SOURCE RECORDS =
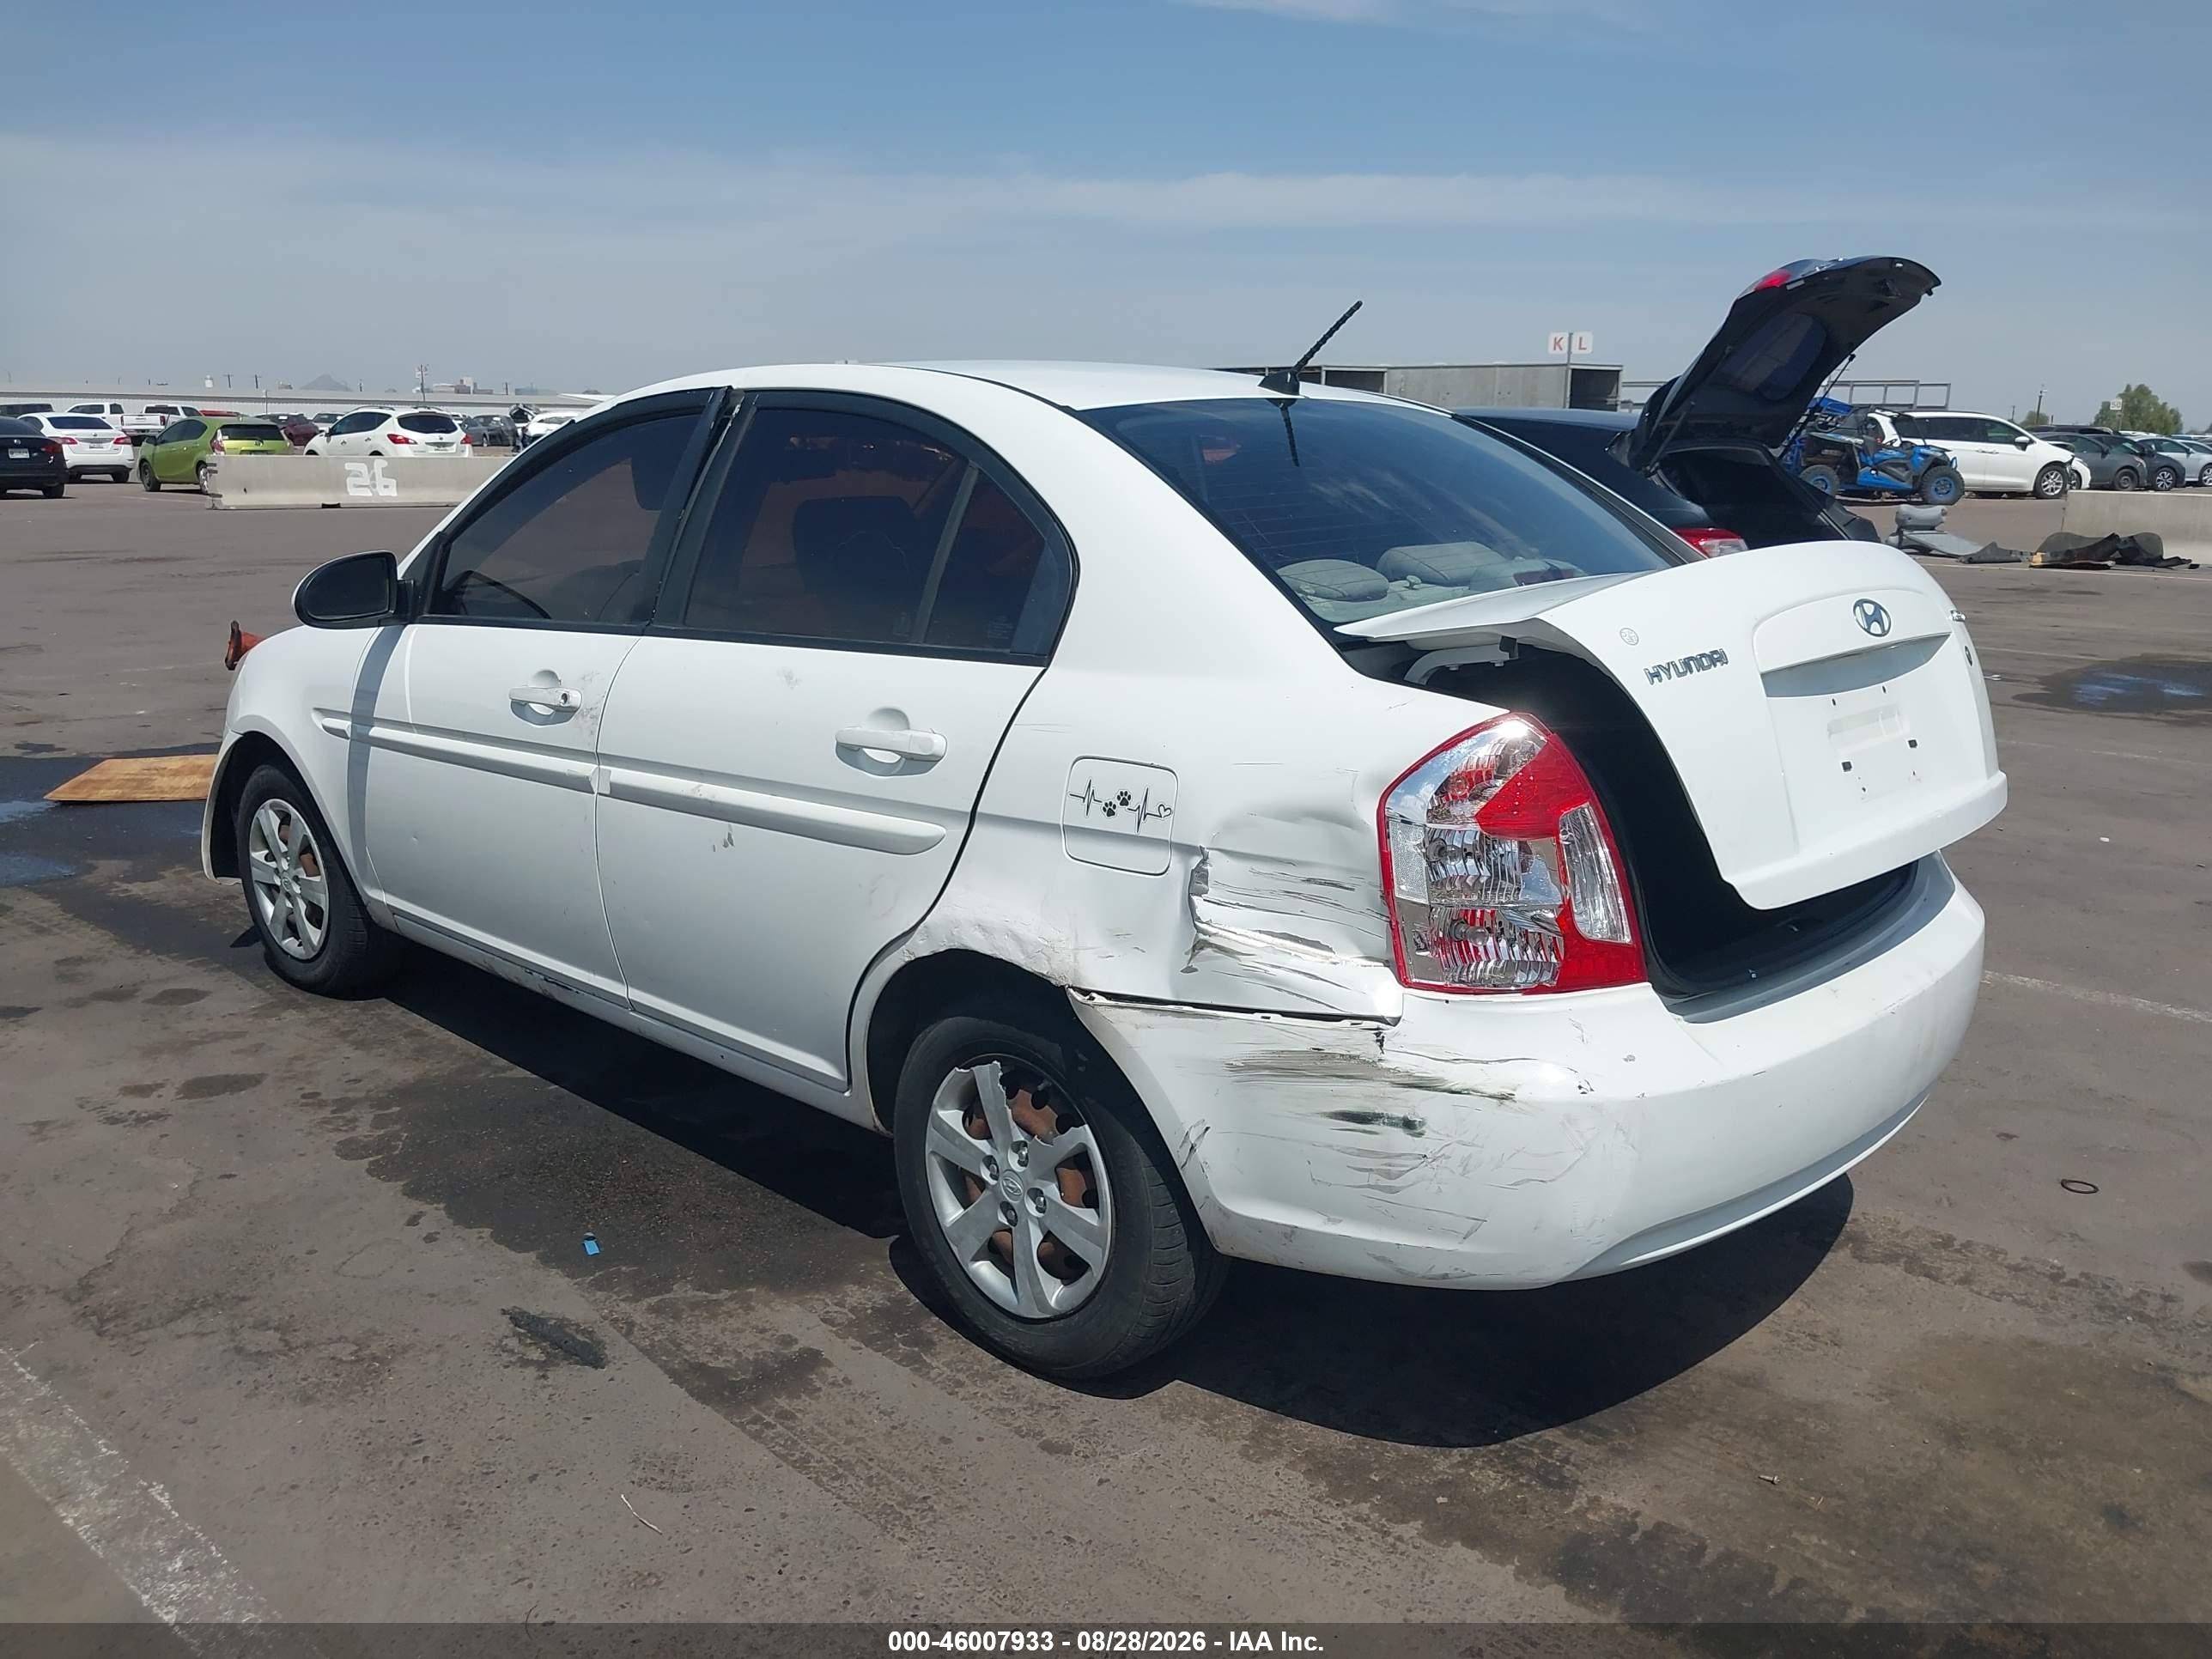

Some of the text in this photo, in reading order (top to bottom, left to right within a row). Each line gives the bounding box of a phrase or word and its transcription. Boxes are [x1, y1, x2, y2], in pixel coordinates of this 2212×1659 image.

[1553, 336, 1564, 351] K
[1577, 336, 1588, 351] L
[344, 458, 398, 496] 26
[1644, 648, 1729, 686] HYUNDAI

PROMPT = Recreate the listing above word for word, dropping each picture it contains.

OUTPUT FOR THIS EXERCISE =
Some of the text in this photo, in reading order (top to bottom, left to right within a row). Each line gives the bounding box of a phrase or word and its transcription. Boxes are [x1, y1, x2, y2], in pixel coordinates of this 2212×1659 image.

[1553, 336, 1564, 351] K
[1577, 336, 1588, 351] L
[344, 458, 398, 496] 26
[1644, 648, 1729, 686] HYUNDAI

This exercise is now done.